Give the data back exactly. Leave out any images.
--- INPUT MATERIAL Enclosed Below ---
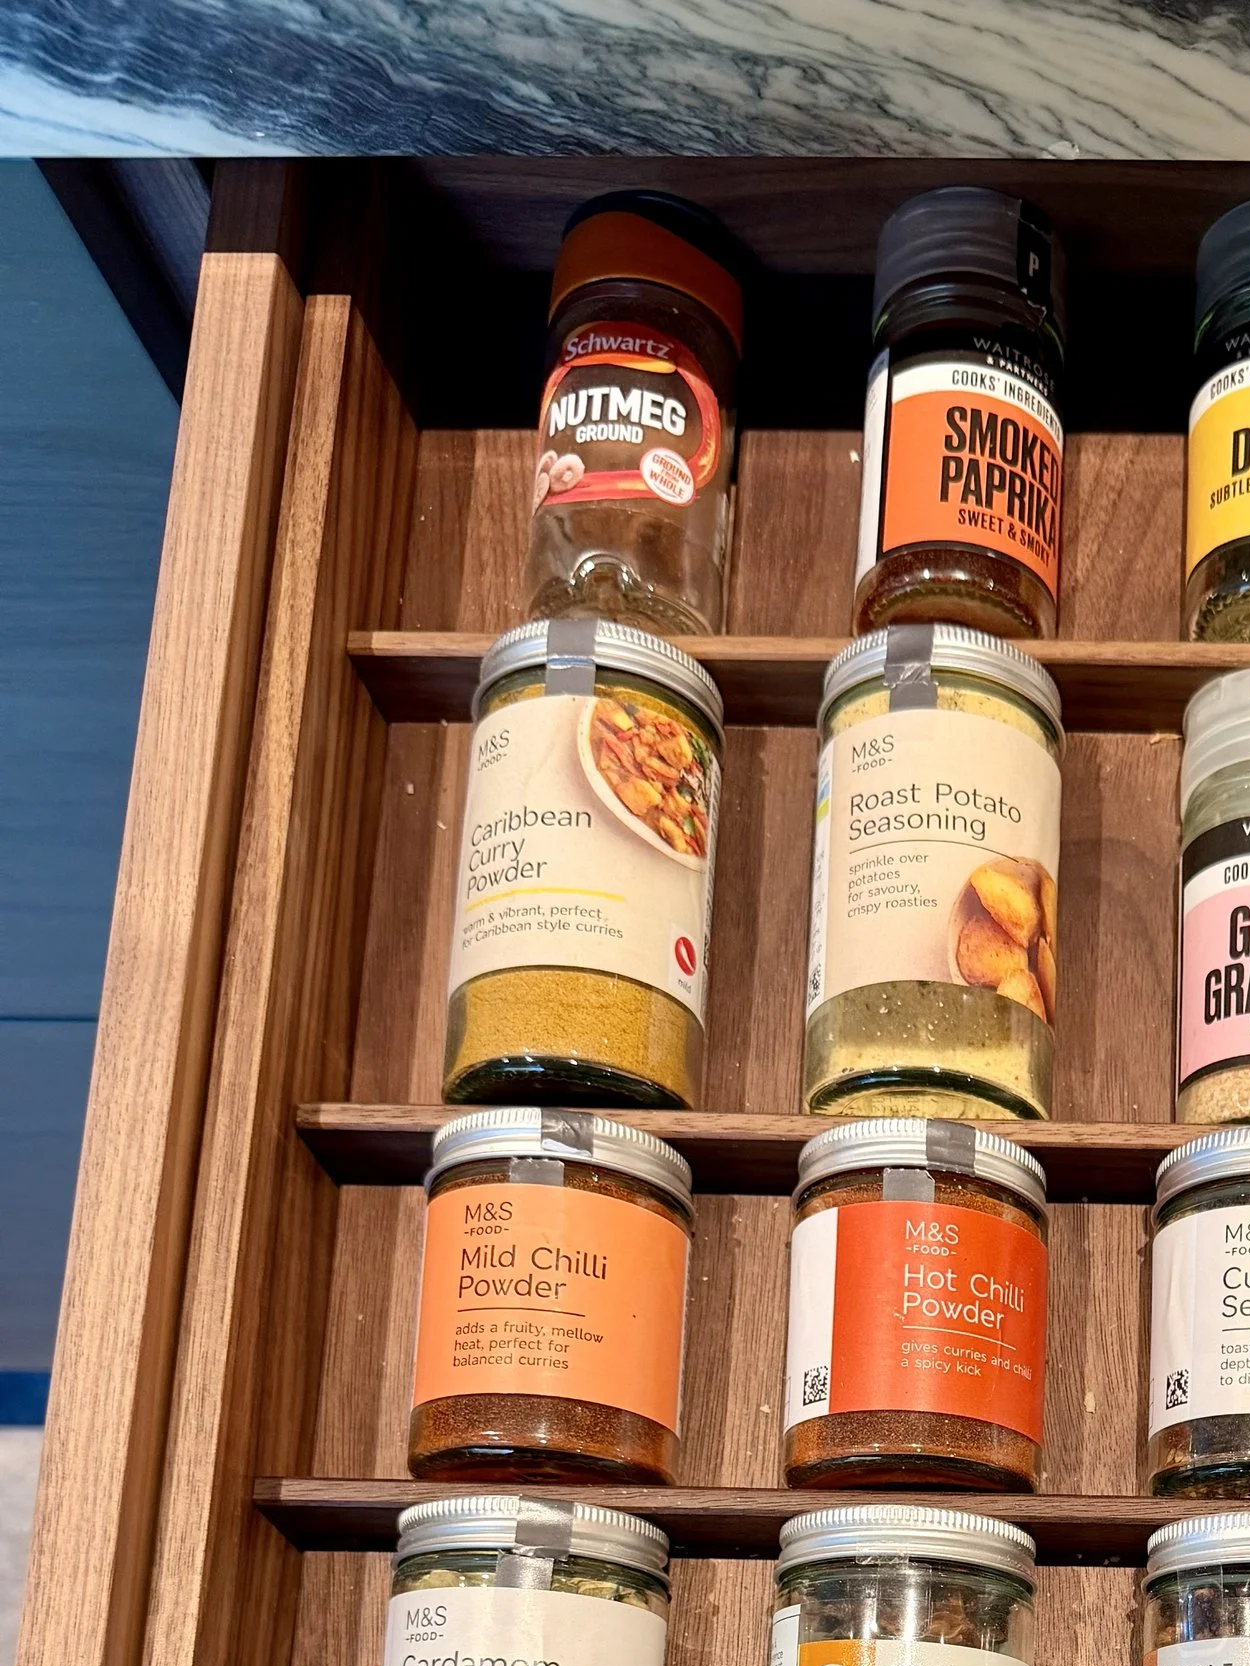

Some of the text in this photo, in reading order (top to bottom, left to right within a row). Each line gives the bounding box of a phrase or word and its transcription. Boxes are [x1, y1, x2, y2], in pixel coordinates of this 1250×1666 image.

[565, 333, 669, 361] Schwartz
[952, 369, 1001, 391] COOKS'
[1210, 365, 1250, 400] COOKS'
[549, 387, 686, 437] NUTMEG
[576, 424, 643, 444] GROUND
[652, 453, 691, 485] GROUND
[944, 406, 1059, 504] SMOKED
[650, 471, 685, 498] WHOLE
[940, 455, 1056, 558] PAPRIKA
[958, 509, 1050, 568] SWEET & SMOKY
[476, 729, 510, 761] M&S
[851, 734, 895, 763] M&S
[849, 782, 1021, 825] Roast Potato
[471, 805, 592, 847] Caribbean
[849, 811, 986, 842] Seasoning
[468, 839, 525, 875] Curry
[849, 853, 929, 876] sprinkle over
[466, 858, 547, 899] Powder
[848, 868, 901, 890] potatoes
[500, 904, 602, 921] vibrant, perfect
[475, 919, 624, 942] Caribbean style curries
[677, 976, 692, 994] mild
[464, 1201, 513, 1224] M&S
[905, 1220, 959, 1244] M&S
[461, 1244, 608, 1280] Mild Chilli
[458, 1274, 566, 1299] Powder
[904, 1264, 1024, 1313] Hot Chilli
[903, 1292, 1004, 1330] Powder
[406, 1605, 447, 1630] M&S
--- End of Enclosed INPUT MATERIAL ---
▸ FINISHED EXERCISE
Some of the text in this photo, in reading order (top to bottom, left to right within a row). Each line gives the bounding box of a phrase or word and its transcription. Boxes are [x1, y1, x2, y2], in pixel coordinates of this 1250×1666 image.

[565, 333, 669, 361] Schwartz
[952, 369, 1001, 391] COOKS'
[1210, 365, 1250, 400] COOKS'
[549, 387, 686, 437] NUTMEG
[576, 424, 643, 444] GROUND
[652, 453, 691, 485] GROUND
[944, 406, 1059, 504] SMOKED
[650, 471, 685, 498] WHOLE
[940, 455, 1056, 558] PAPRIKA
[958, 509, 1050, 568] SWEET & SMOKY
[476, 729, 510, 761] M&S
[851, 734, 895, 763] M&S
[849, 782, 1021, 825] Roast Potato
[471, 805, 592, 847] Caribbean
[849, 811, 986, 842] Seasoning
[468, 839, 525, 875] Curry
[849, 853, 929, 876] sprinkle over
[466, 858, 547, 899] Powder
[848, 868, 901, 890] potatoes
[500, 904, 602, 921] vibrant, perfect
[475, 919, 624, 942] Caribbean style curries
[677, 976, 692, 994] mild
[464, 1201, 513, 1224] M&S
[905, 1220, 959, 1244] M&S
[461, 1244, 608, 1280] Mild Chilli
[458, 1274, 566, 1299] Powder
[904, 1264, 1024, 1313] Hot Chilli
[903, 1292, 1004, 1330] Powder
[406, 1605, 447, 1630] M&S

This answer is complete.